I believe in wide open speech and the rough and tumble of public debate, particularly about important political or social controversies and public persons—me included. That doesn’t mean, of course, that I believe in libel. Intentionally making false claims about a person that exposes him or her to contempt and ridicule can and should be a civil wrong. Thus, for example, if I accused my neighbor—a retired parole officer— of robbing a bank, I could properly be sued.
In the USA, the 1st Amendment makes it extremely difficult for a public figure to sue successfully for libel, since in New York Times v Sullivan, the Supreme Court ruled that the aggrieved party has to show “malice,” that is knowledge or reckless disregard of the statement’s falsehood. This results in unfairness to some people, but the benefit is a robust marketplace of ideas.
Other nations are not nearly as enamored of free speech as is America. Canada, for example, restricts speech in significant ways that would never (I hope) be accepted in the USA. Perhaps that is why Andrew Weaver, a leading Canadian climate scientist, is suing the National Post for libel based on its articles that the scientist believes defamed him, which from what I read in the following article, would seem to have little chance of success here. From the story:
One of the world’s leading climate scientists has launched a libel lawsuit against a Canadian newspaper for publishing articles that he says “poison” the debate on global warming. In a case with potentially huge consequences for online publishers, lawyers acting for Andrew Weaver, a climate modeller at the University of Victoria, Canada, have demanded the National Post removes the articles not only from its own websites, but also from the numerous blogs and sites where they were reposted.

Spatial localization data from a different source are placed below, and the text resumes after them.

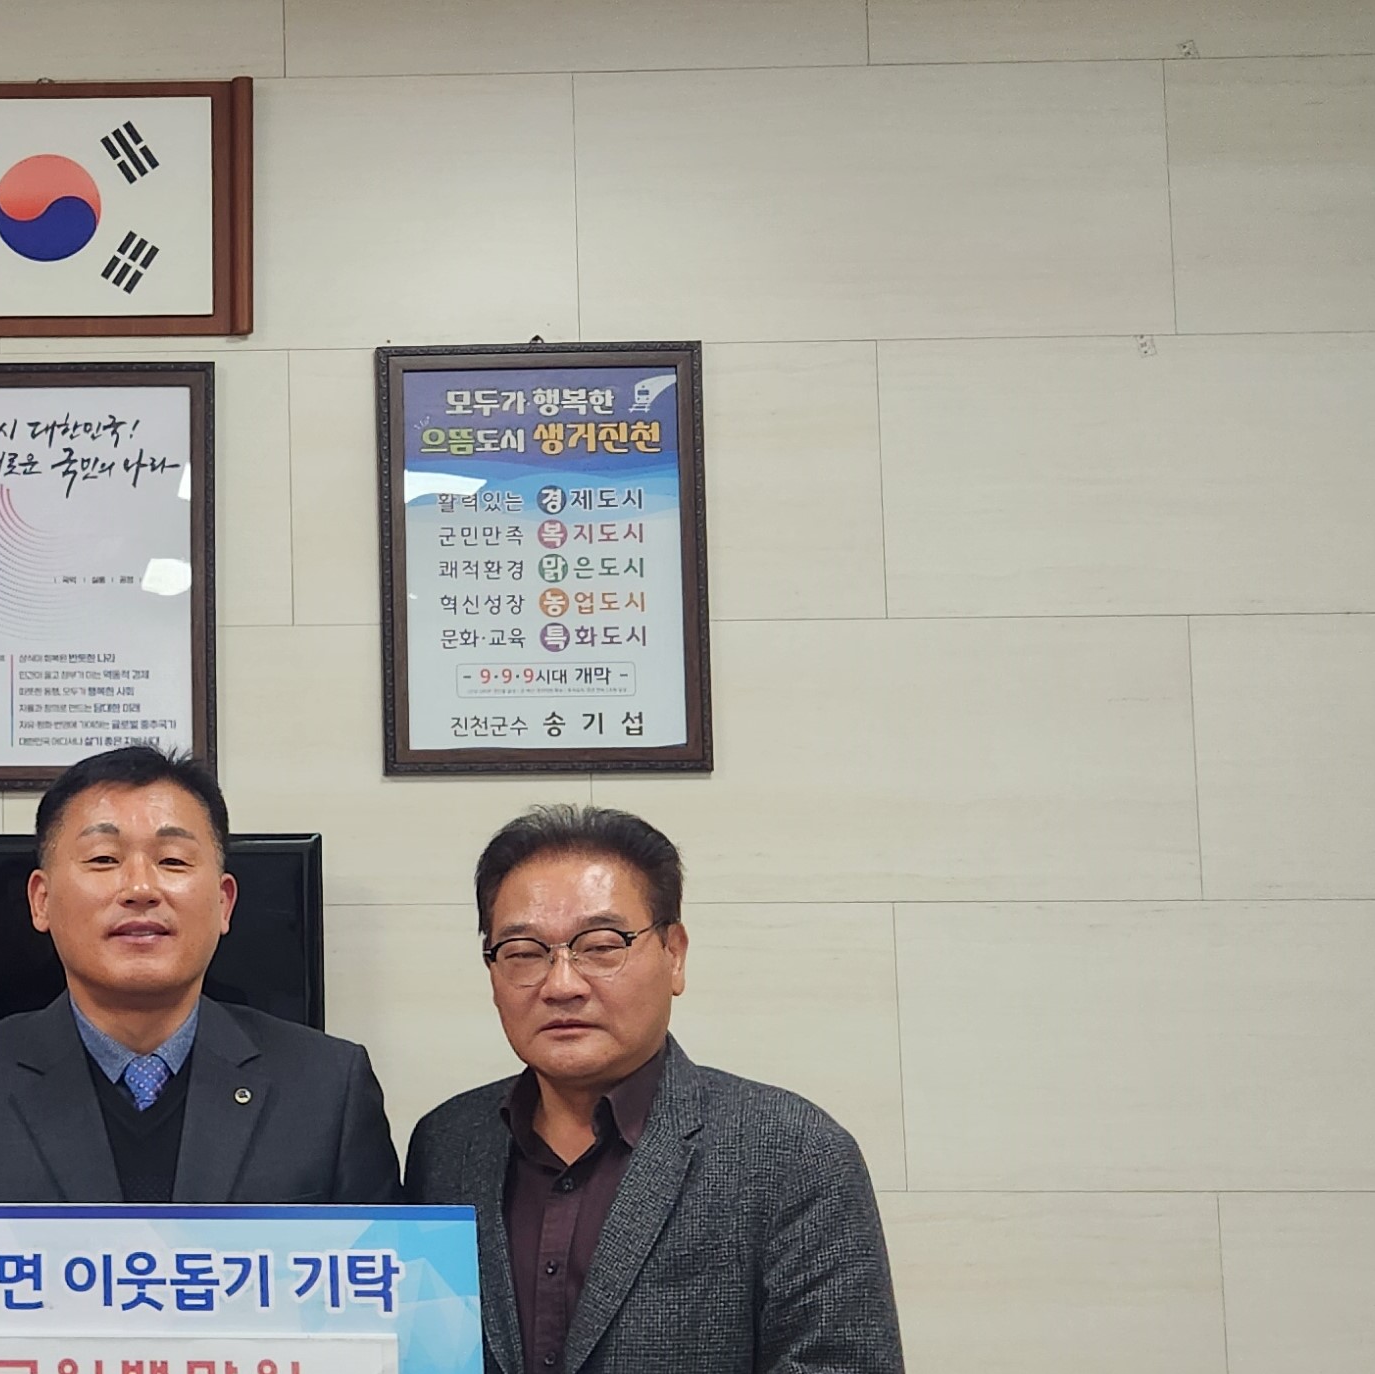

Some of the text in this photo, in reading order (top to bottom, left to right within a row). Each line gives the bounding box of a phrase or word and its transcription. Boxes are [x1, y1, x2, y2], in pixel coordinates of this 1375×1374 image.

[445, 387, 615, 416] 모두가 행복한
[26, 413, 141, 447] 대한민국!
[420, 421, 662, 455] 으뜸도시 생거진천
[51, 447, 115, 498] 국민의
[123, 448, 180, 488] 나라
[437, 490, 523, 513] 활력있는
[438, 525, 524, 547] 군민만족
[438, 558, 524, 581] 쾌적환경
[440, 593, 525, 615] 혁신성장
[575, 667, 612, 685] 개막
[450, 716, 529, 738] 진천군수
[64, 1252, 271, 1312] 이웃돕기
[294, 1253, 400, 1313] 기탁
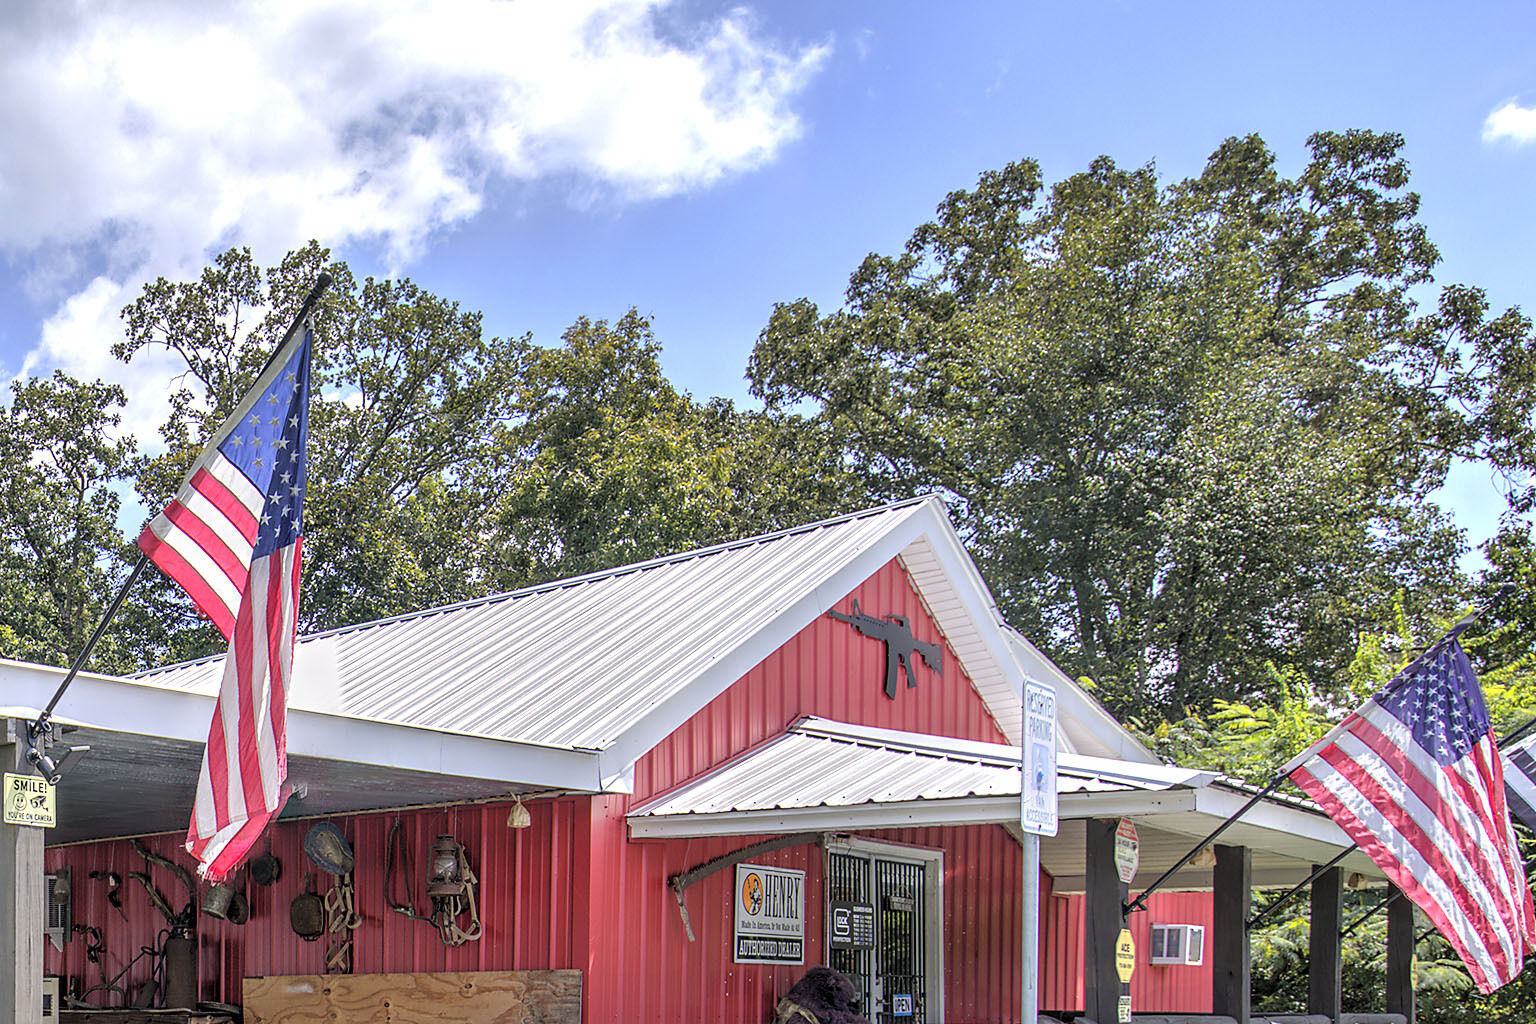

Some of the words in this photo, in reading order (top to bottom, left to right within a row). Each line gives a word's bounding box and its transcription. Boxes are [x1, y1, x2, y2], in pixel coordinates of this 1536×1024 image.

[1027, 689, 1054, 720] RESERVED
[1029, 716, 1052, 742] PARKING
[14, 779, 47, 793] SMILE!
[8, 811, 24, 819] YOU'RE
[764, 874, 801, 919] HENRY
[778, 941, 801, 957] DEALER

Weaver says the articles, published at the height of several recent controversies over the reliability of climate science in recent months, contain “grossly irresponsible falsehoods”. He said he filed the suit after the newspaper refused to retract the articles. Weaver said: “If I sit back and do nothing to clear my name, these libels will stay on the internet forever. They’ll poison the factual record, misleading people who are looking for reliable scientific information about global warming.”
Wait a minute. Publishing falsehoods or misleading people about a public policy issue isn’t—or at least, in my view—shouldn’t be—libel. However, if Weaver was accused, for example, of professional malfeasance or misfeasance—say, of making up research or plagarism—assuming it is false, that could be libel. Thus, this charge might be libel, if proved:
The four articles, published from December to February, claimed that Weaver cherry picked data to support his climate research, and that he tried to blame the “evil fossil fuel” industry for break-ins at his office in 2008 to divert attention from reported mistakes in the 2007 report of the Intergovernmental Panel on Climate Change, on which he was lead author.

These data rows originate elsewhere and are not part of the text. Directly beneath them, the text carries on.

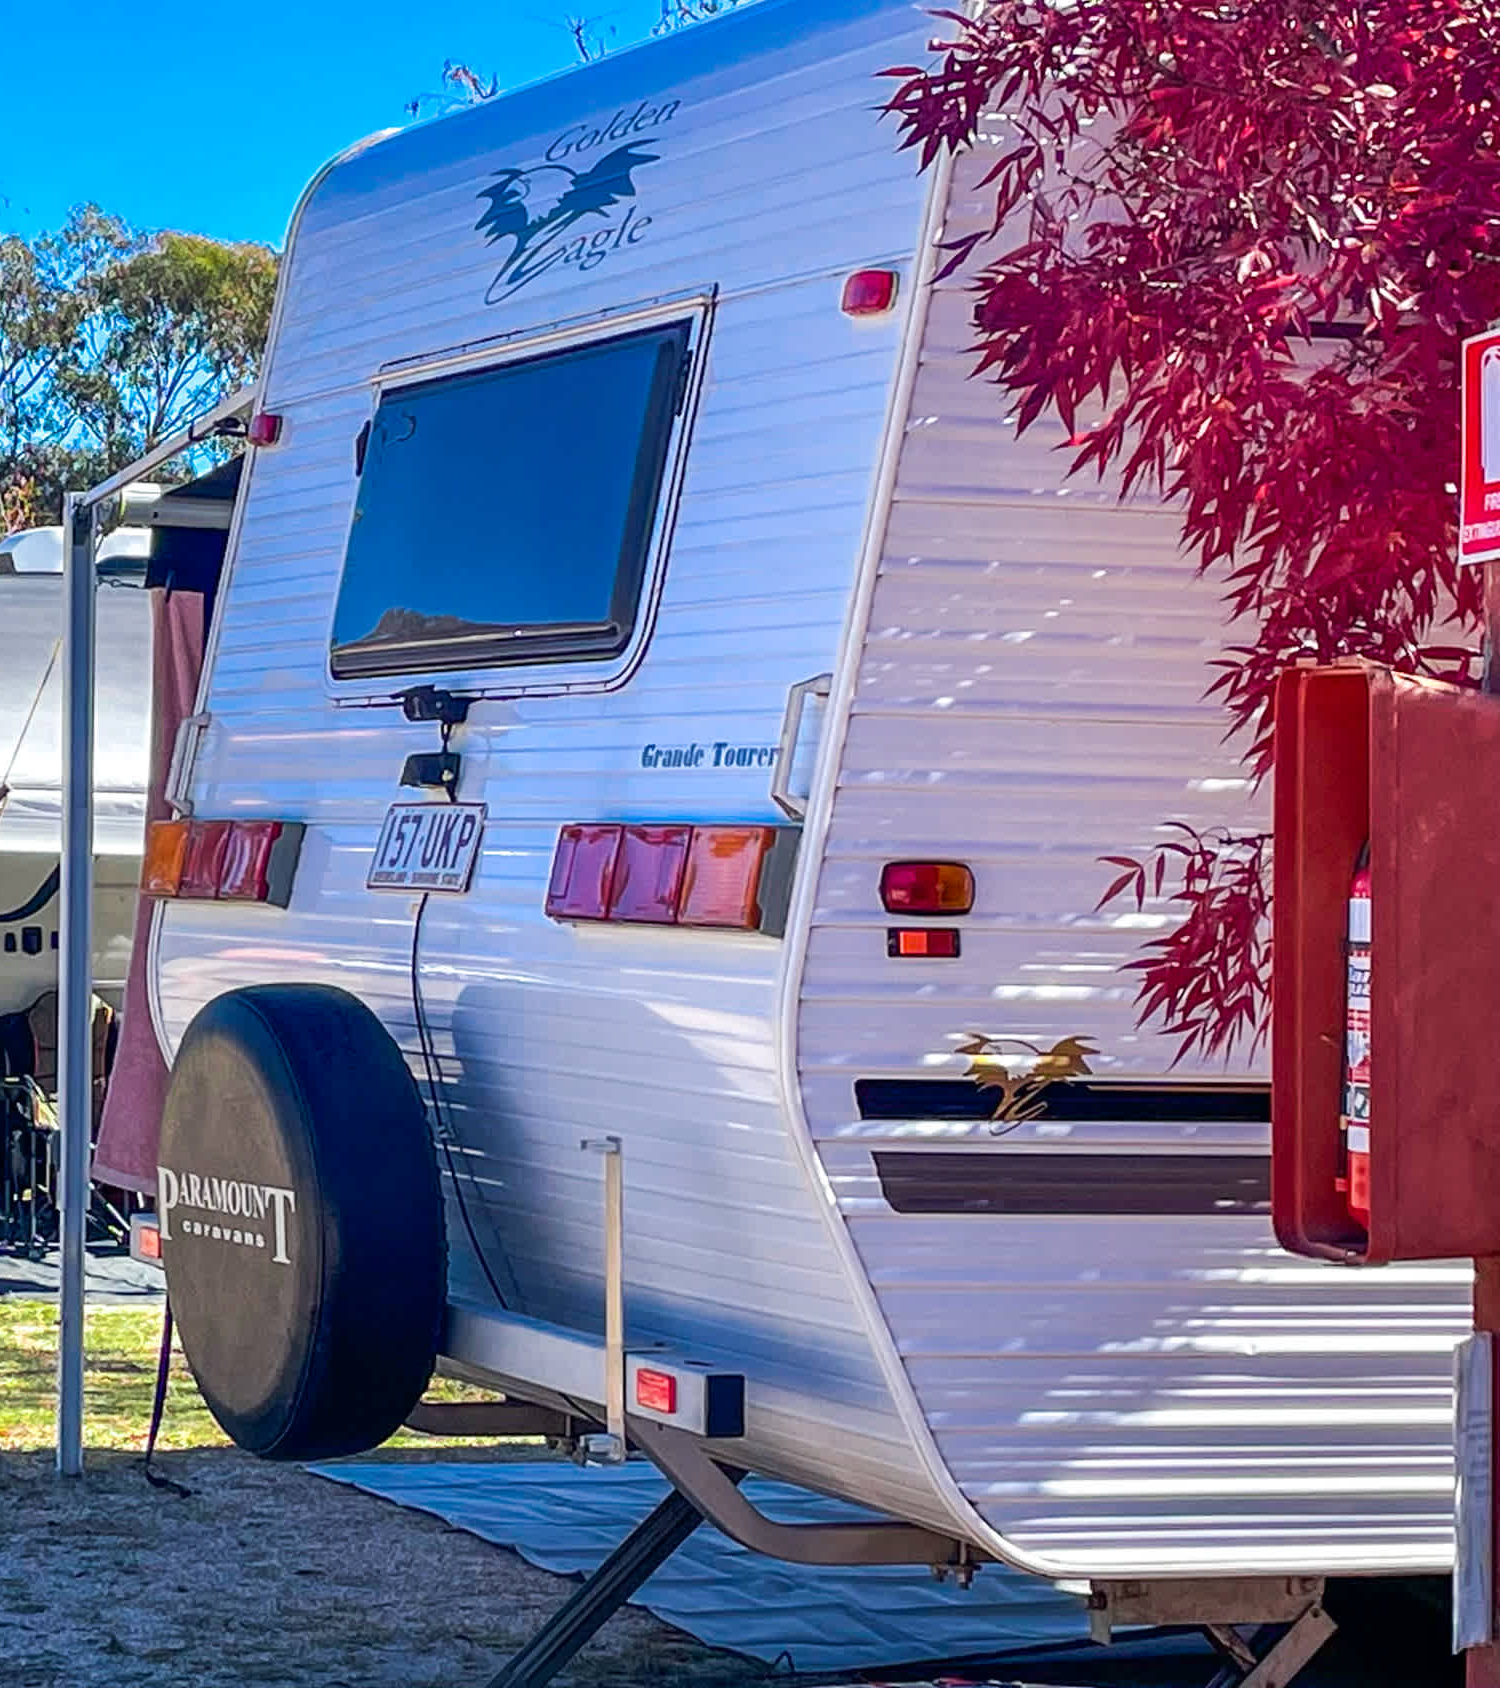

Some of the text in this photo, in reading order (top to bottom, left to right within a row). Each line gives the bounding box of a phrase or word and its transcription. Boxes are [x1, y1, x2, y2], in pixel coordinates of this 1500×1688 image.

[545, 98, 681, 162] Golden
[484, 206, 653, 306] Eagle
[641, 741, 784, 768] Grande Tourer
[157, 1166, 295, 1264] PARAMOUNT
[182, 1220, 265, 1248] caravans

But then again, it might just be the expression of an opinion—which doesn’t necessarily inoculate one from the charge of libel, but which is different than making a false assertion of a purported fact. It can get complicated—at least in the USA.
I don’t know if any of the articles in question made any such explicit accusations against Weaver, but this part of the story is what got my attention:
The lawsuit also highlights several claims in the articles that attempt to question or undermine the scientific consensus on climate change, including that annual global mean temperatures have stopped increasing in the last decade and that climate models are “falling apart”. Such statements, the lawsuit says, would lead readers to conclude that Weaver “is so strongly motivated by a corrupt interest in receiving government funding that he willfully conceals scientific climate data which refutes global warming in order to keep alarming the public so that it welcomes... funding for climate scientists such as himself.”

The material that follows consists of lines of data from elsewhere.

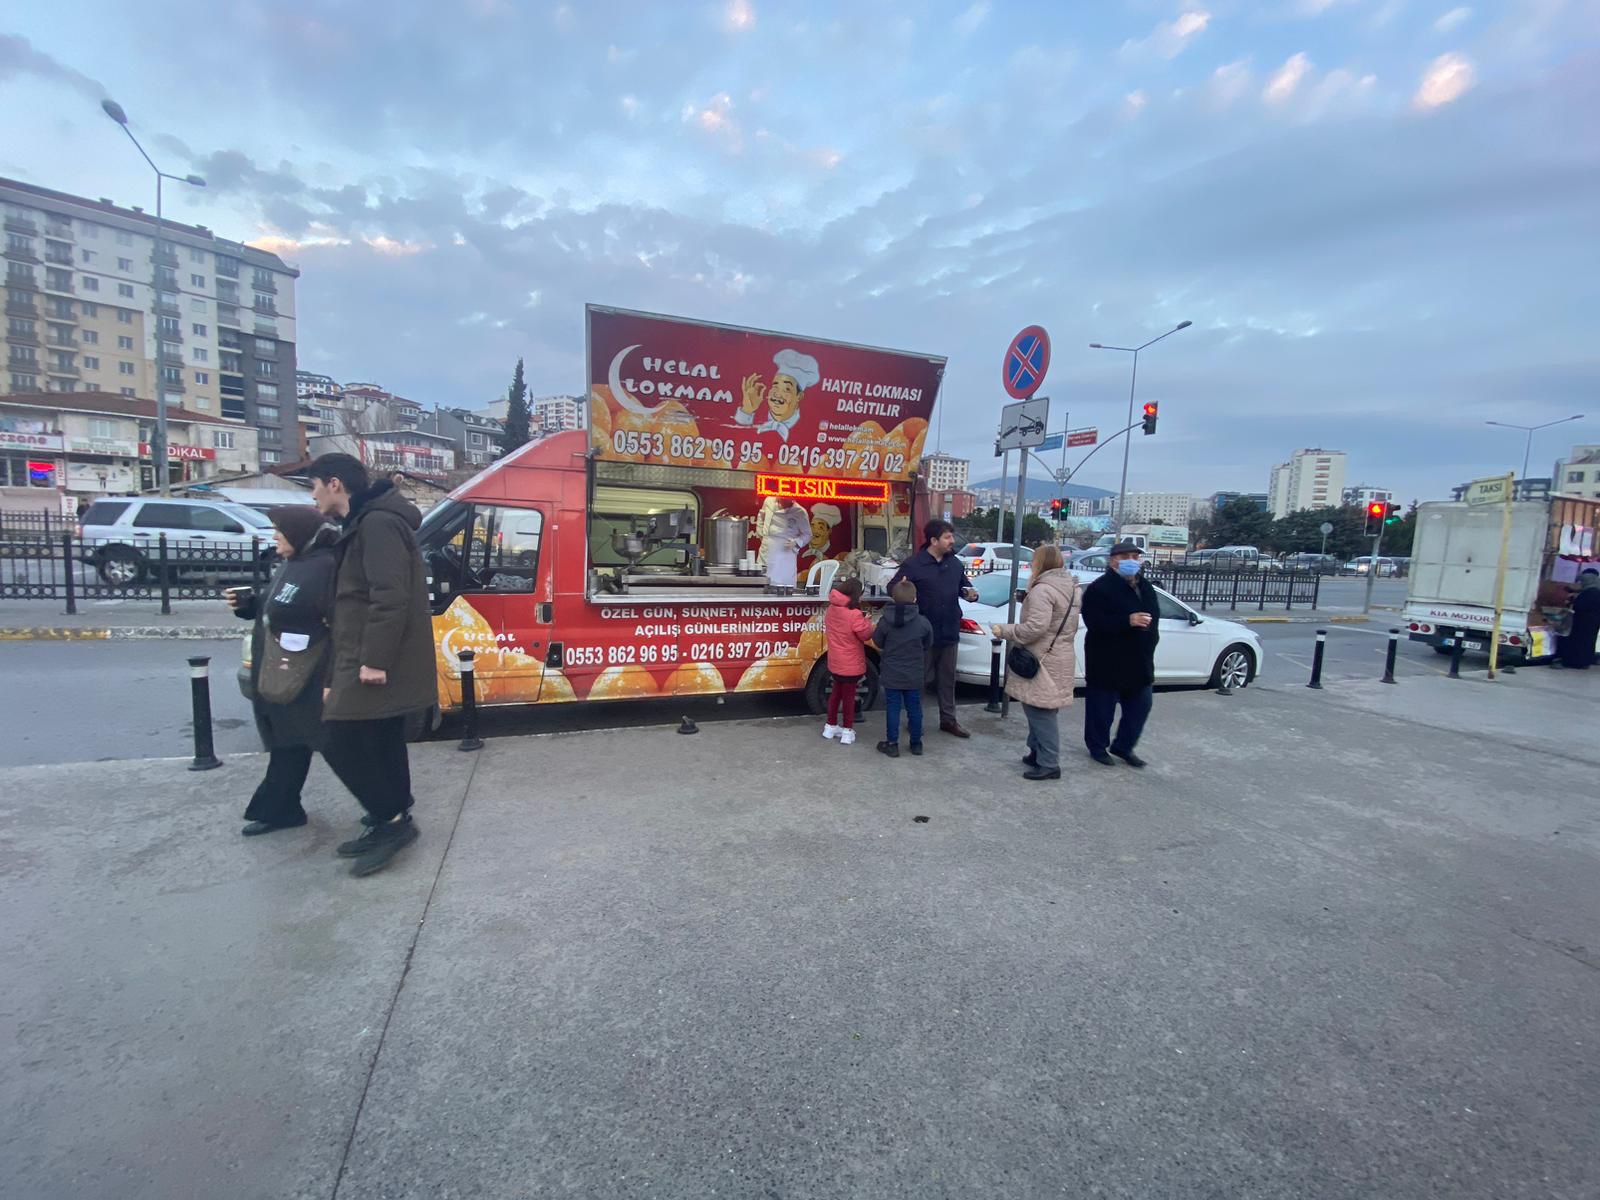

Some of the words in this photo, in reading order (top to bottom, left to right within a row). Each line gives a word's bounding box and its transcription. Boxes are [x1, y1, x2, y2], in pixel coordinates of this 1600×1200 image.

[643, 357, 720, 379] HELAL
[622, 378, 733, 403] LOKMAM
[821, 378, 862, 395] HAYIR
[865, 383, 922, 401] LOKMASI
[836, 398, 900, 417] DAĞITILIR
[613, 429, 664, 456] 0553
[671, 434, 705, 459] 862
[712, 438, 734, 461] 96
[740, 441, 763, 463] 95
[778, 444, 820, 467] 0216
[825, 448, 857, 469] 397
[860, 451, 880, 471] 20
[884, 453, 904, 473] 02
[601, 606, 639, 619] ÖZEL
[643, 606, 677, 620] GÜN,
[682, 605, 737, 619] SÜNNET,
[741, 605, 783, 619] NİŞAN,
[635, 624, 680, 638] AÇILIŞ
[684, 621, 779, 635] GÜNLERİNİZDE
[566, 647, 604, 665] 0553
[608, 645, 636, 663] 862
[640, 644, 658, 662] 96
[661, 644, 678, 661] 95
[691, 642, 724, 660] 0216
[727, 642, 752, 659] 397
[755, 641, 770, 657] 20
[774, 640, 790, 657] 02

Well now just a darn minute. This seems to be a claim that merely disagreeing with this scientist or, indeed, with the all holy “consensus,” is the same thing as defaming said scientist and/or those who are part of creating that consensus, because some reader might conclude that the scientists weren’t professional in reaching their conclusions—even if that charge was never actually leveled. If that is what the lawsuit actually alleges in part or in whole, it is an astonishing claim and a spear aimed at the heart of heterodox comment and free public debate.
Then too, these things sometimes backfire because matters quickly run out of control. Look what happened to Oscar Wilde.